Railgun also allows users to interact with smart contracts, such as those used for DEX trading, yield farming and other dApps. Layered upon this unique on-chain system is a suite of adapters called Adapt Modules that may be utilized by existing applications on Ethereum.
When a user deposits assets to Railgun, a zero knowledge “note” is created that represents both the assets themselves, and the owner of those assets — in addition users can split their notes into smaller ones, and even modify the owner of said notes.
Users withdrawing assets from Railgun can prove their ownership of zk-notes, and the notes are burned when the assets are withdrawn. Privacy is preserved by the sheer multiplicity of users performing deposits, splits, transfers and withdrawals on the system.
Aztec
Aztec Network is the first private ZK-rollup on Ethereum, enabling decentralized applications to leverage privacy at scale. Aztec’s rollup is secured by the PLONK proving mechanism used in many leading zero knowledge scaling projects, and the first product built on this rollup was zk.money, a private transfer protocol. Aztec also developed the first private bridge for Ethereum called Aztec Connect, which, together with the products mentioned above, allows users to easily transfer funds between each other on both the Aztec network, and other well established DeFi protocols in a private manner.
Technically, Aztec Network employs the use of zero knowledge “notes” that users may split in any manner they wish, and may modify ownership details of any notes they possess.
In terms of compliance, Aztec has put some restrictions on the amounts users can deposit at the address-specific, IP-specific and Network levels. To further reinforce compliance All Aztec accounts are created with viewing keys that guard viewing access to details of all transactions received and sent with the accounts (e.g. sender, receiver, asset type, amounts).

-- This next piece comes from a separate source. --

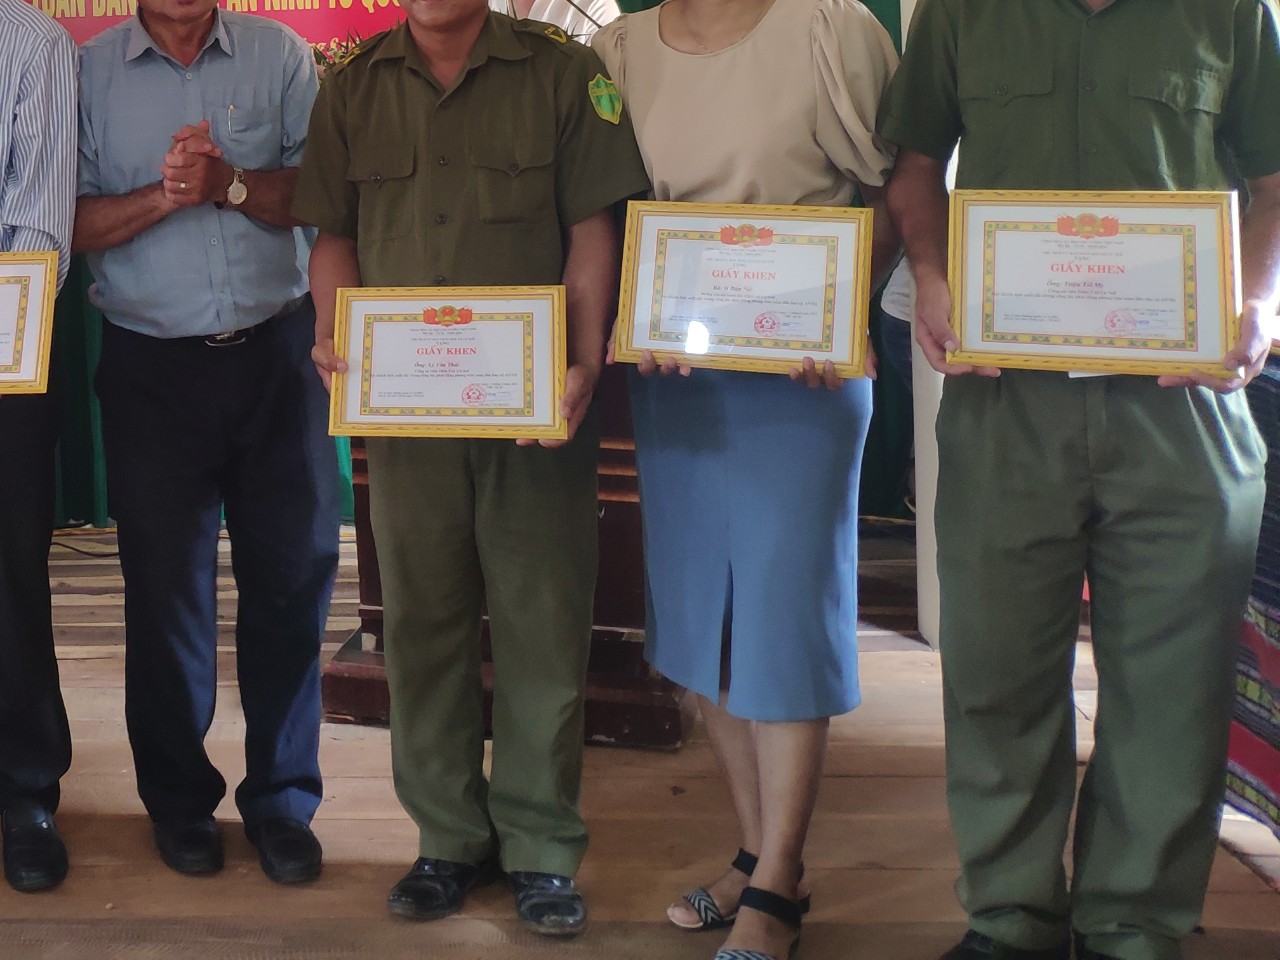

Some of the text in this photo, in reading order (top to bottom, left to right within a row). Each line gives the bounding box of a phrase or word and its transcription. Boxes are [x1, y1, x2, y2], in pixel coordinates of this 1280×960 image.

[1050, 260, 1126, 274] GIẤY KHEN
[743, 271, 777, 280] KHEN
[416, 344, 477, 355] GIẤY KHEN

In order to demonstrate compliance, users can share their viewing keys with whomever makes a request to view their Aztec transactions.
We will close this section with yet another quote:
“While there are newer, more narrowly adopted layer-1 blockchains that primarily focus on privacy, for those blockchains that are not inherently private, users have to rely on a host of smart contract protocols and layer-2 blockchains that anonymize transaction data, many of which use zero-knowledge proofs, privacy-preserving cryptographic techniques, to achieve anonymity. These protocols and blockchains have commonly been derided as having solely nefarious purposes (including by being labeled “mixers”), and while it is irrefutable that a portion of their volume has ties to hacks and other illicit purposes,1 there is undeniable value in advancing privacy-preserving technology for lawful purposes. In fact, such technologies could permit legitimate consumers to benefit from a level of financial privacy and consumer protection beyond what is enjoyed by consumers of traditional financial services.” [20]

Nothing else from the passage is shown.